▶ [Aim of the exercise]:
Every record below, from the first line to the last, is to be set down again exactly.
--------------------------------
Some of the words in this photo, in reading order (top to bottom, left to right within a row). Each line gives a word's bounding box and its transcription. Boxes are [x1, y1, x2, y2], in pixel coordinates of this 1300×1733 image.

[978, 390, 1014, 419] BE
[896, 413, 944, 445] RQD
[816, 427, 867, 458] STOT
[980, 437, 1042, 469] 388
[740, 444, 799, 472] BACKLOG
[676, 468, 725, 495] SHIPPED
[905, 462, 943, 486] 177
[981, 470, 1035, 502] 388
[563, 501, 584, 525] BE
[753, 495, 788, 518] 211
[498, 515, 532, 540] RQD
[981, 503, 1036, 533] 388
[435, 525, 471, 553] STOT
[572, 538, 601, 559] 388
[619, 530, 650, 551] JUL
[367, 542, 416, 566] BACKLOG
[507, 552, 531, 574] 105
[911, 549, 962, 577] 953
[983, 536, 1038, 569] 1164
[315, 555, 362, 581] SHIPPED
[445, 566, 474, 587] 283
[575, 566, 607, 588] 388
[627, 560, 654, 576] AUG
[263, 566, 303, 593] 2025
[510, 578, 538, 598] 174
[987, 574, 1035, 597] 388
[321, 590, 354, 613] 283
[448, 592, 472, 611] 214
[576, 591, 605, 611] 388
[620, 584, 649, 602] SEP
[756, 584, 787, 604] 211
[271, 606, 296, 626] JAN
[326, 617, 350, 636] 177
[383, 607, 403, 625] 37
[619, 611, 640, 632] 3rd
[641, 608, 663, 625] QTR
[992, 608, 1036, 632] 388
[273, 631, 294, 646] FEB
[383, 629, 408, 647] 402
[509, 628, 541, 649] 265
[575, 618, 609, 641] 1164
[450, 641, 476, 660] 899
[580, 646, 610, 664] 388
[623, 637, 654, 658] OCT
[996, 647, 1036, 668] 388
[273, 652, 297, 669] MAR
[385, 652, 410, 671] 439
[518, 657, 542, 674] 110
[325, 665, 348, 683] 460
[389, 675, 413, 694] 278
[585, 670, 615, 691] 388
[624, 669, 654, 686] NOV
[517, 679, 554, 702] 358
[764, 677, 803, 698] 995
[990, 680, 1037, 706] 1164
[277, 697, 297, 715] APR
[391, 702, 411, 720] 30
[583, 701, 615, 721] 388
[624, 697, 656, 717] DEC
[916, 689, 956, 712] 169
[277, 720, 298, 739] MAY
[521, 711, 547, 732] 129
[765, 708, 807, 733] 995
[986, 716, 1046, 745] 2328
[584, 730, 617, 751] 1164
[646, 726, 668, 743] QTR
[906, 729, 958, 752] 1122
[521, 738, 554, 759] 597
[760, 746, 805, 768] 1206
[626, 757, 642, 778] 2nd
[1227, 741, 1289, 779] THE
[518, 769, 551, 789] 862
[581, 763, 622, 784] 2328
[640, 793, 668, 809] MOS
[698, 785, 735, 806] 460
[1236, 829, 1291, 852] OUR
--------------------------------
▶ [Answer section]:
Some of the words in this photo, in reading order (top to bottom, left to right within a row). Each line gives a word's bounding box and its transcription. Boxes are [x1, y1, x2, y2], in pixel coordinates of this 1300×1733 image.

[978, 390, 1014, 419] BE
[896, 413, 944, 445] RQD
[816, 427, 867, 458] STOT
[980, 437, 1042, 469] 388
[740, 444, 799, 472] BACKLOG
[676, 468, 725, 495] SHIPPED
[905, 462, 943, 486] 177
[981, 470, 1035, 502] 388
[563, 501, 584, 525] BE
[753, 495, 788, 518] 211
[498, 515, 532, 540] RQD
[981, 503, 1036, 533] 388
[435, 525, 471, 553] STOT
[572, 538, 601, 559] 388
[619, 530, 650, 551] JUL
[367, 542, 416, 566] BACKLOG
[507, 552, 531, 574] 105
[911, 549, 962, 577] 953
[983, 536, 1038, 569] 1164
[315, 555, 362, 581] SHIPPED
[445, 566, 474, 587] 283
[575, 566, 607, 588] 388
[627, 560, 654, 576] AUG
[263, 566, 303, 593] 2025
[510, 578, 538, 598] 174
[987, 574, 1035, 597] 388
[321, 590, 354, 613] 283
[448, 592, 472, 611] 214
[576, 591, 605, 611] 388
[620, 584, 649, 602] SEP
[756, 584, 787, 604] 211
[271, 606, 296, 626] JAN
[326, 617, 350, 636] 177
[383, 607, 403, 625] 37
[619, 611, 640, 632] 3rd
[641, 608, 663, 625] QTR
[992, 608, 1036, 632] 388
[273, 631, 294, 646] FEB
[383, 629, 408, 647] 402
[509, 628, 541, 649] 265
[575, 618, 609, 641] 1164
[450, 641, 476, 660] 899
[580, 646, 610, 664] 388
[623, 637, 654, 658] OCT
[996, 647, 1036, 668] 388
[273, 652, 297, 669] MAR
[385, 652, 410, 671] 439
[518, 657, 542, 674] 110
[325, 665, 348, 683] 460
[389, 675, 413, 694] 278
[585, 670, 615, 691] 388
[624, 669, 654, 686] NOV
[517, 679, 554, 702] 358
[764, 677, 803, 698] 995
[990, 680, 1037, 706] 1164
[277, 697, 297, 715] APR
[391, 702, 411, 720] 30
[583, 701, 615, 721] 388
[624, 697, 656, 717] DEC
[916, 689, 956, 712] 169
[277, 720, 298, 739] MAY
[521, 711, 547, 732] 129
[765, 708, 807, 733] 995
[986, 716, 1046, 745] 2328
[584, 730, 617, 751] 1164
[646, 726, 668, 743] QTR
[906, 729, 958, 752] 1122
[521, 738, 554, 759] 597
[760, 746, 805, 768] 1206
[626, 757, 642, 778] 2nd
[1227, 741, 1289, 779] THE
[518, 769, 551, 789] 862
[581, 763, 622, 784] 2328
[640, 793, 668, 809] MOS
[698, 785, 735, 806] 460
[1236, 829, 1291, 852] OUR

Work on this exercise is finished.